Think about the financial goals refinancing can help you achieve, such as paying off your mortgage sooner, liquidating some of your equity with a cash-out refinance or consolidating debt.

Will the ARM refinance help you toward your specific goals? For example, while a cash-out refinance increases the amount you owe, you’ll be able to use the funds for home improvements or other expenses.

How long do you plan to stay in the home?

When refinancing adjustable rate mortgage loans, time matters. If  you have no intention of moving or selling your home anytime soon, choosing to refinance an ARM to a fixed fixed-rate mortgage can be a smart decision. If a move is on your near-term horizon, however, it’s likely not worth the cost to refinance.

For example, if you’d save $100 on your monthly mortgage payment by refinancing, and the closing costs are $2,000, it’d take you 20 months, or close to two years, before you really start to see savings.

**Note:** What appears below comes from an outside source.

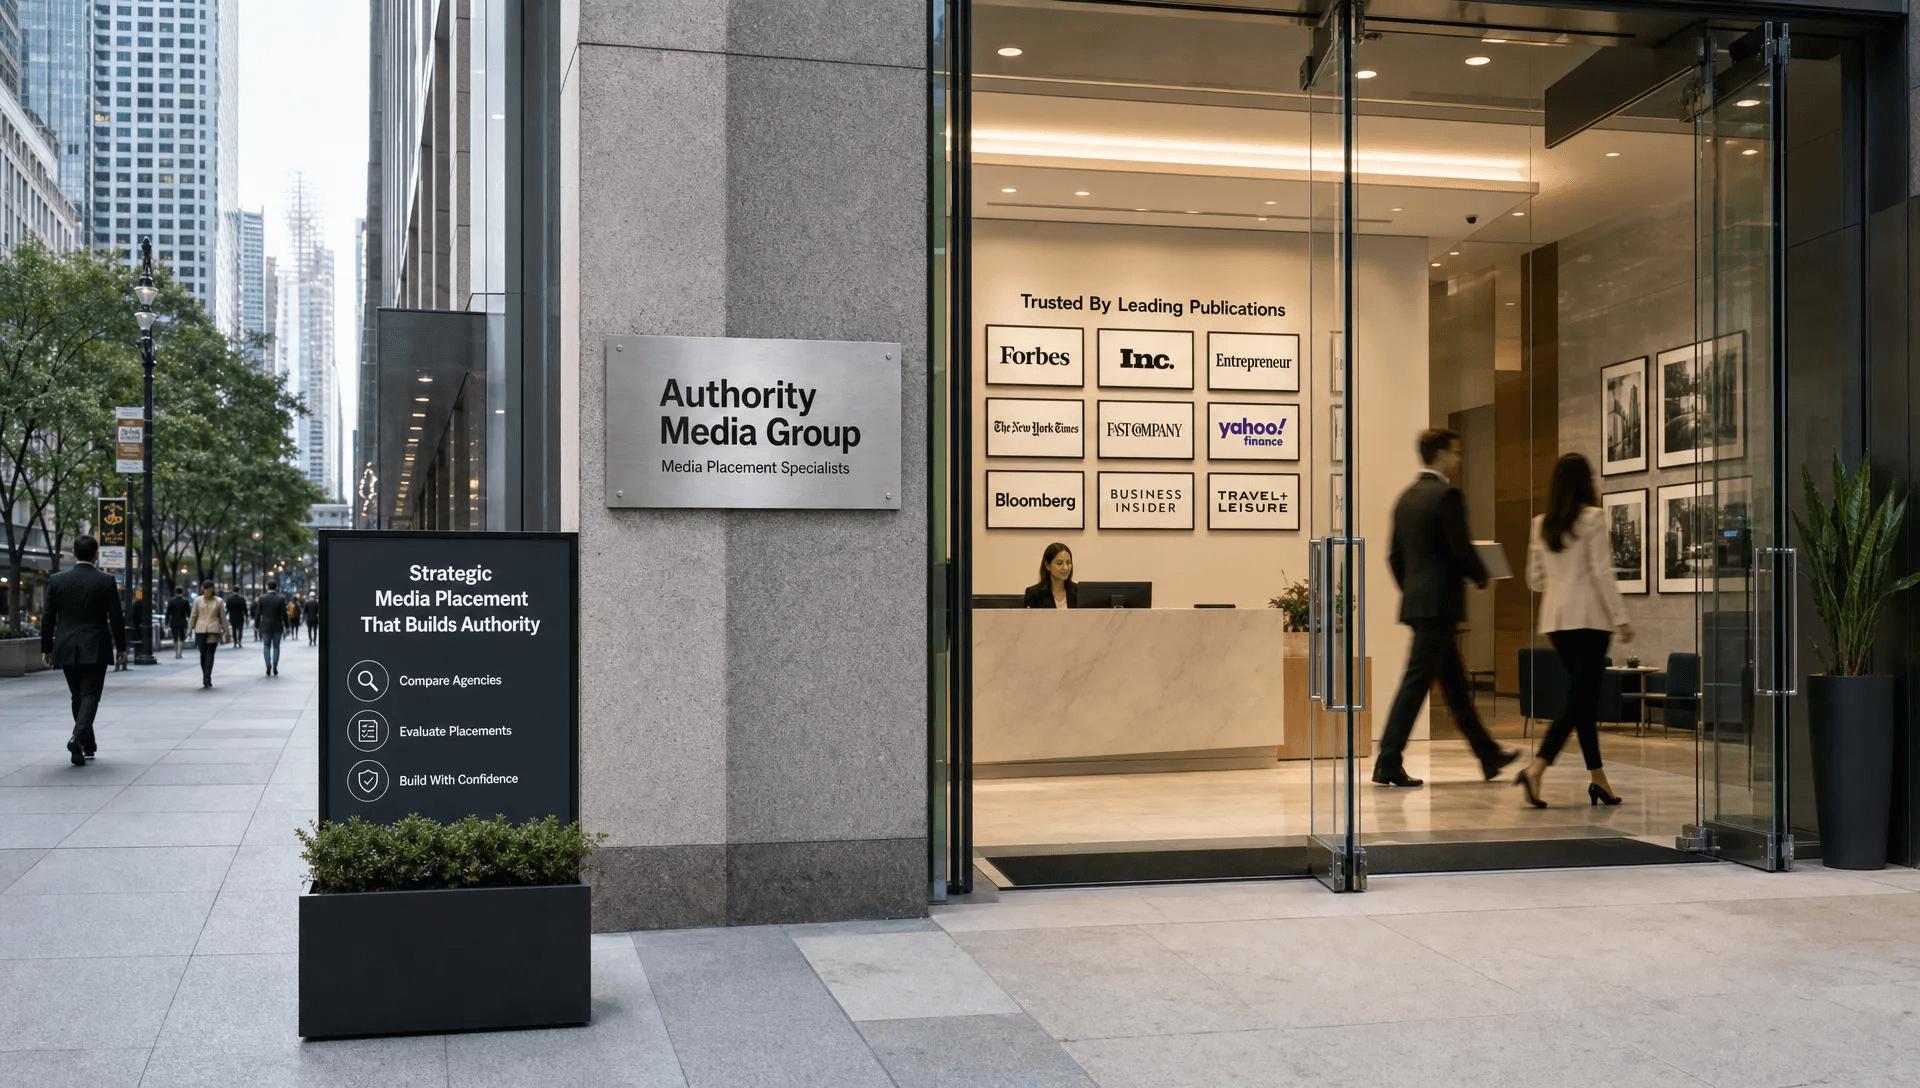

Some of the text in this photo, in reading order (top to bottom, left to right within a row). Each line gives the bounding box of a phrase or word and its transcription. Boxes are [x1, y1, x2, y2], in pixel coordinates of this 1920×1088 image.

Bankrate’s mortgage refinance break-even calculator can help you run the numbers for your situation.

“If you’re only looking at being at home for three or four more years and you have four years before it resets, and a new loan is not at least three-eighths of a basis point lower than your current rate, you might as well stay in your ARM,” advises Ralph DiBugnara, founder of Home Qualified, a digital resource for homebuyers and sellers. “There’s no financial benefit to move forward into a fixed rate.”

The bottom line on refinancing an ARM into a fixed-rate mortgage

Ultimately, can you refinance an ARM loan? Absolutely. But the ARM refinance only makes sense if it helps you toward your specific financial goals. Compare rates and crunch the numbers to see if refinancing your adjustable rate mortgage is right for you.